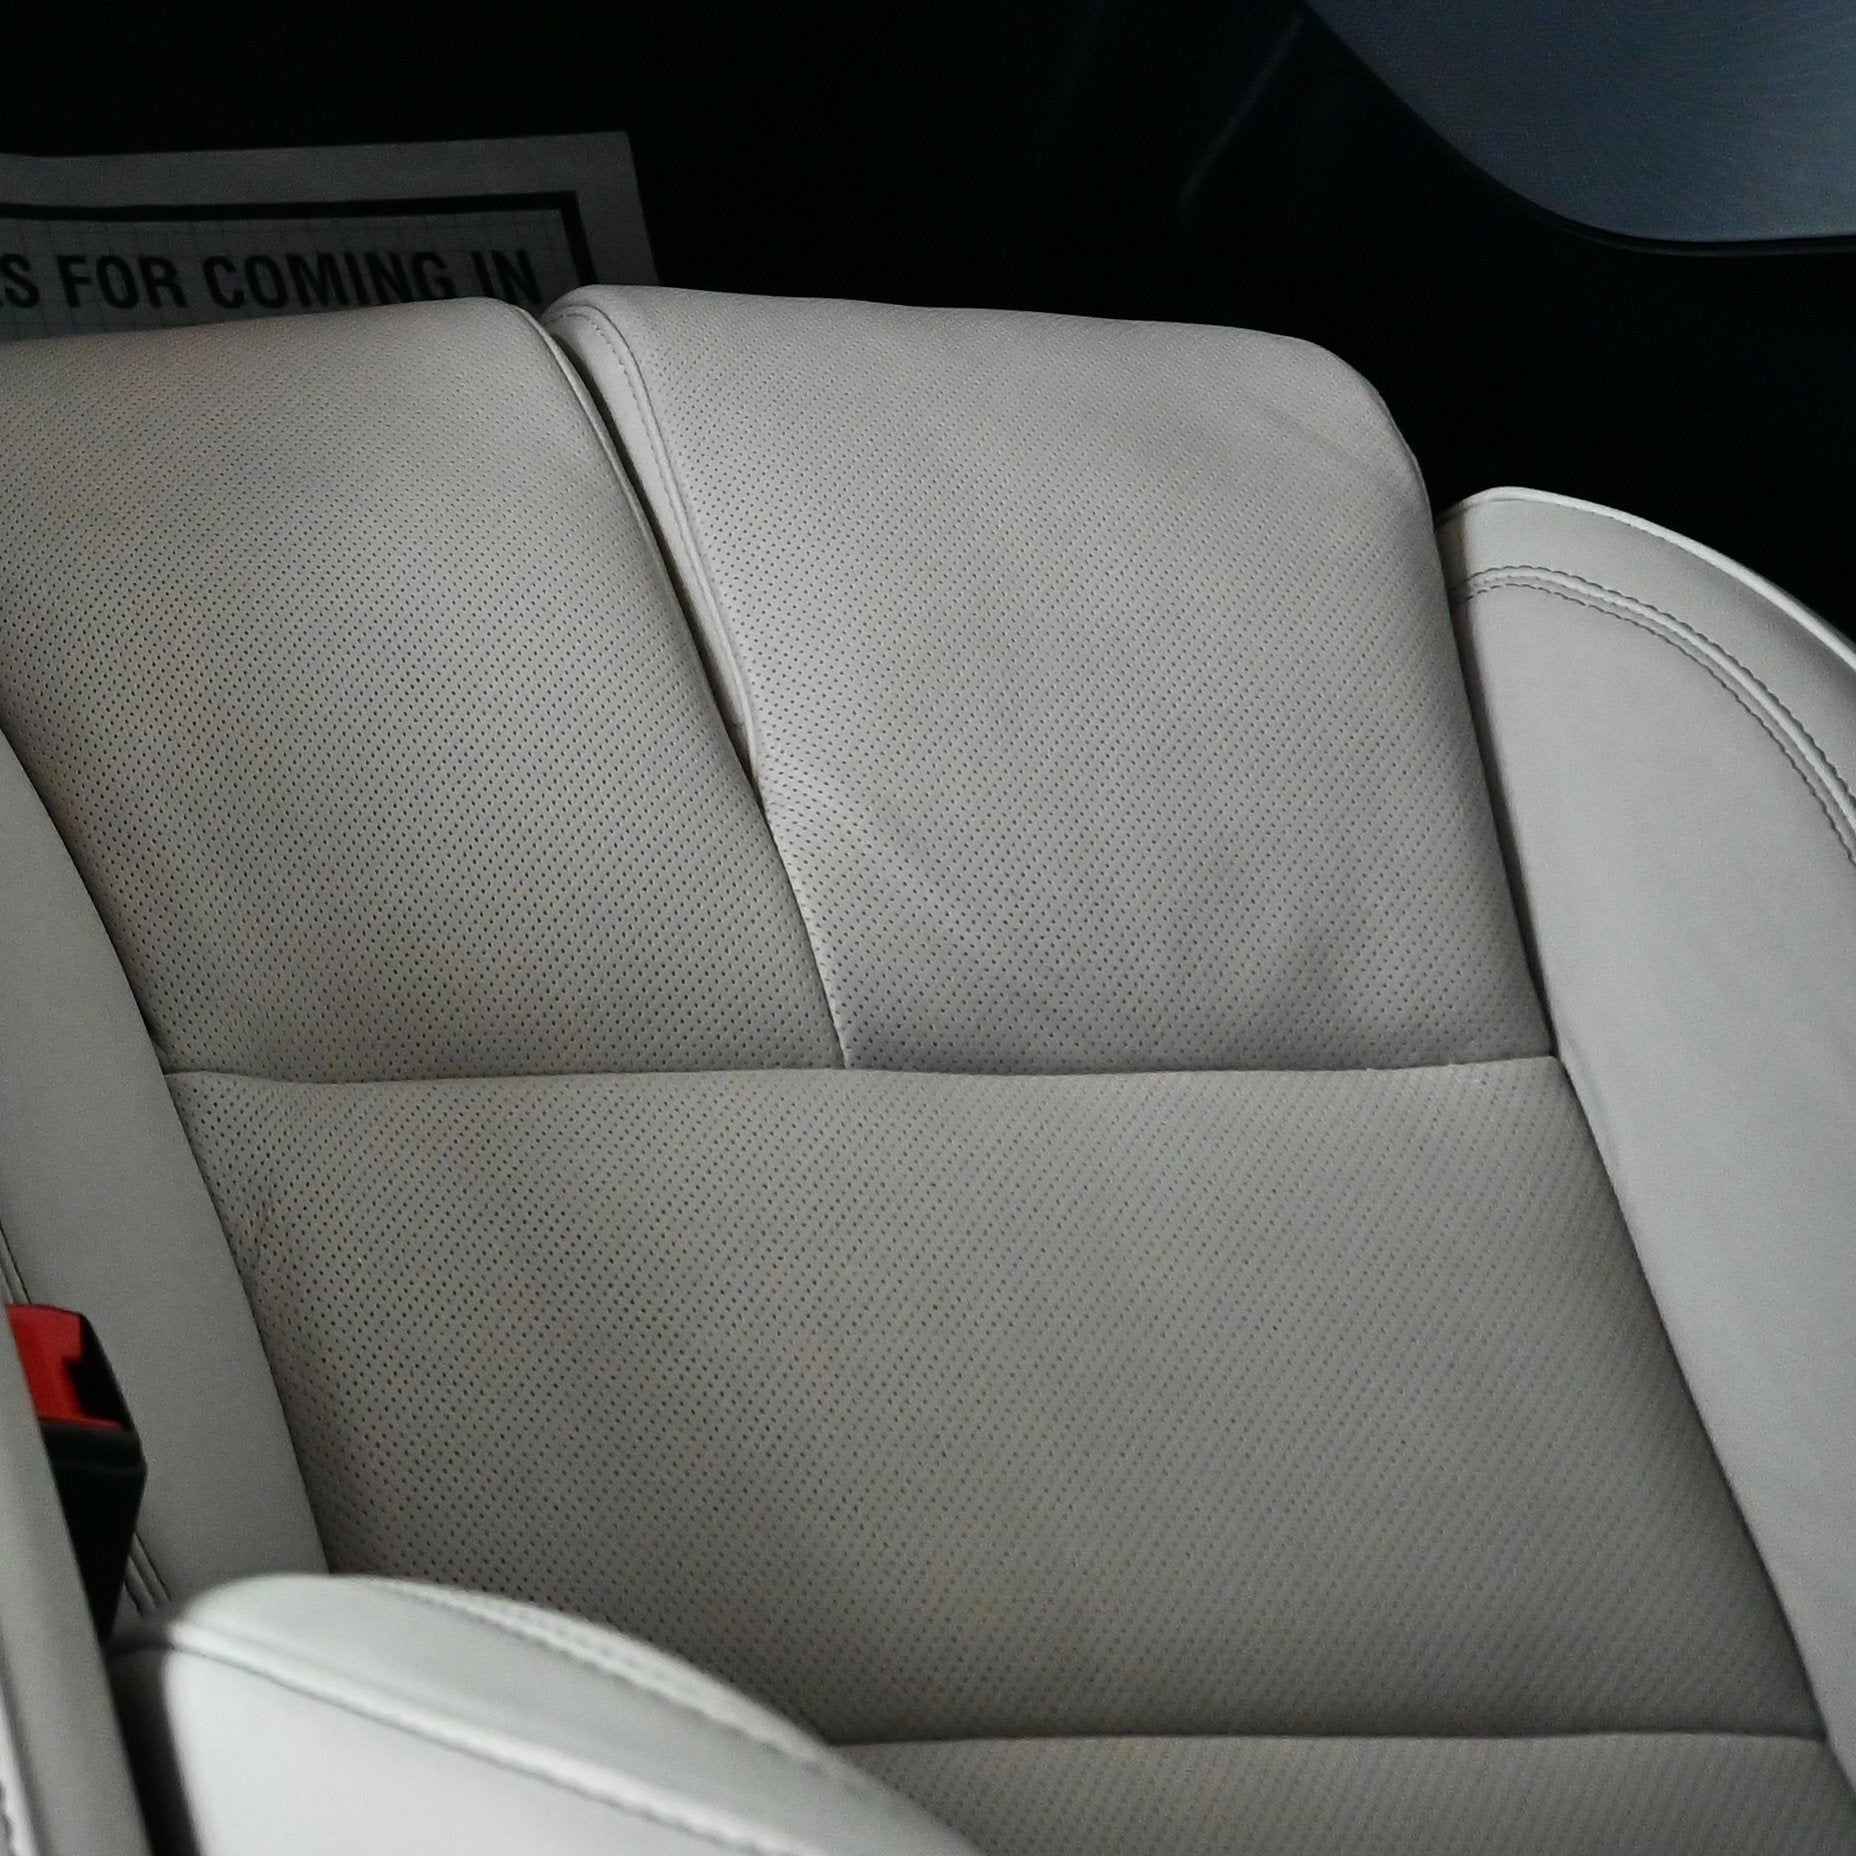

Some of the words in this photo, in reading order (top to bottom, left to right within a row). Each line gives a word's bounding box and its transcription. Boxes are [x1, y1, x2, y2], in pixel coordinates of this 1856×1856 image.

[55, 254, 188, 309] FOR
[202, 251, 456, 309] COMING
[472, 249, 544, 306] IN
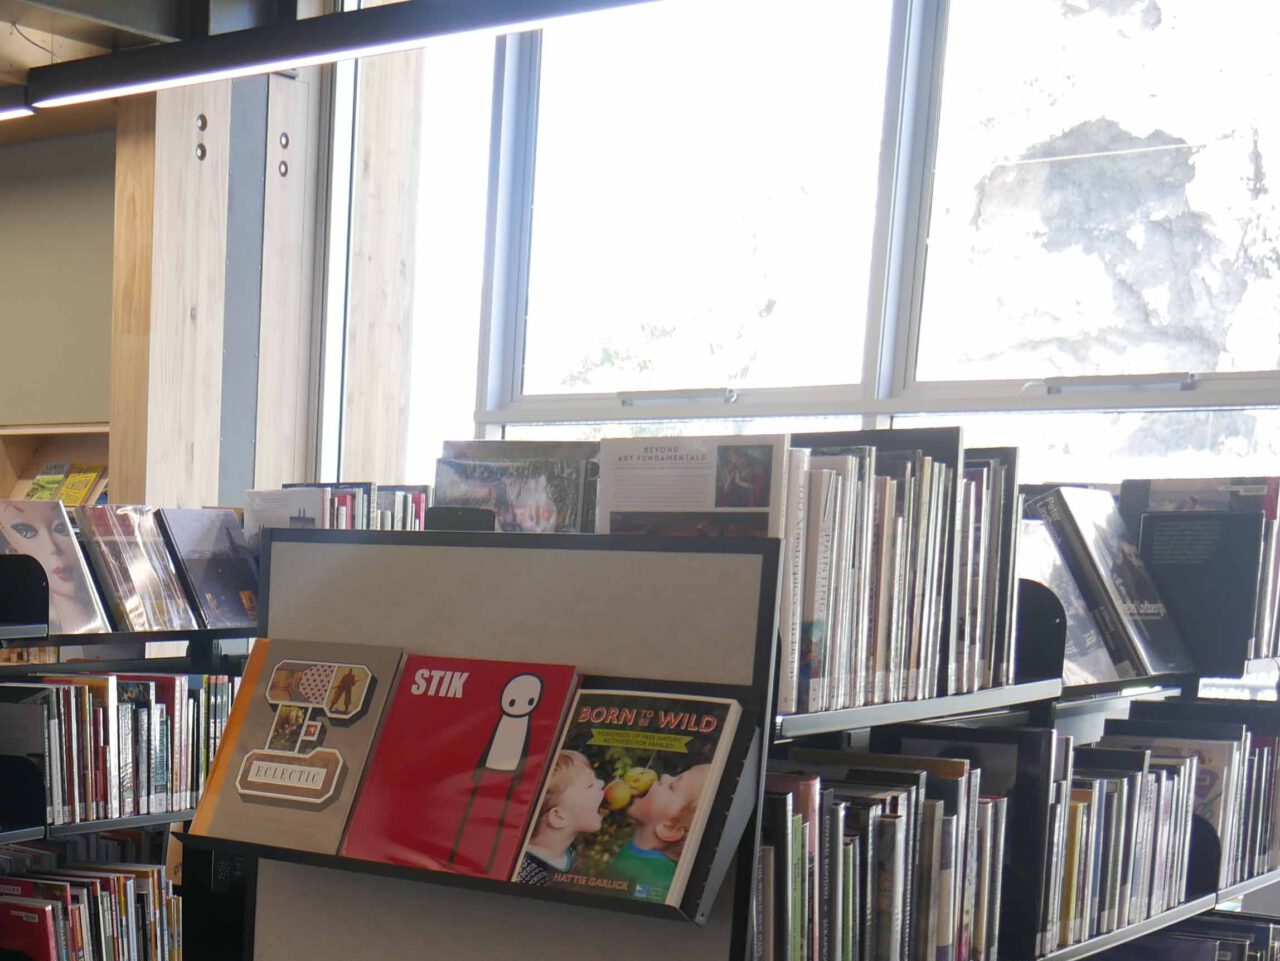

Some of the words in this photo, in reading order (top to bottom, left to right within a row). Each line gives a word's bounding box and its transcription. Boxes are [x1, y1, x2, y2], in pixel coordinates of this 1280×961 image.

**WHAT IS REQUIRED:** Leaving out the pictures, repeat all of the entries exactly.

**WRITTEN RESPONSE:**
Some of the words in this photo, in reading order (top to bottom, left to right within a row). Each line gives a word's bounding box and its transcription. Boxes are [x1, y1, x2, y2], in pixel coordinates of this 1856×1856 image.

[55, 254, 188, 309] FOR
[202, 251, 456, 309] COMING
[472, 249, 544, 306] IN

Some of the words in this photo, in reading order (top to bottom, left to right within a row). Each line gives a word's bounding box and its transcription. Boxes are [x1, y1, x2, y2], in pixel coordinates of this 1280×961 image.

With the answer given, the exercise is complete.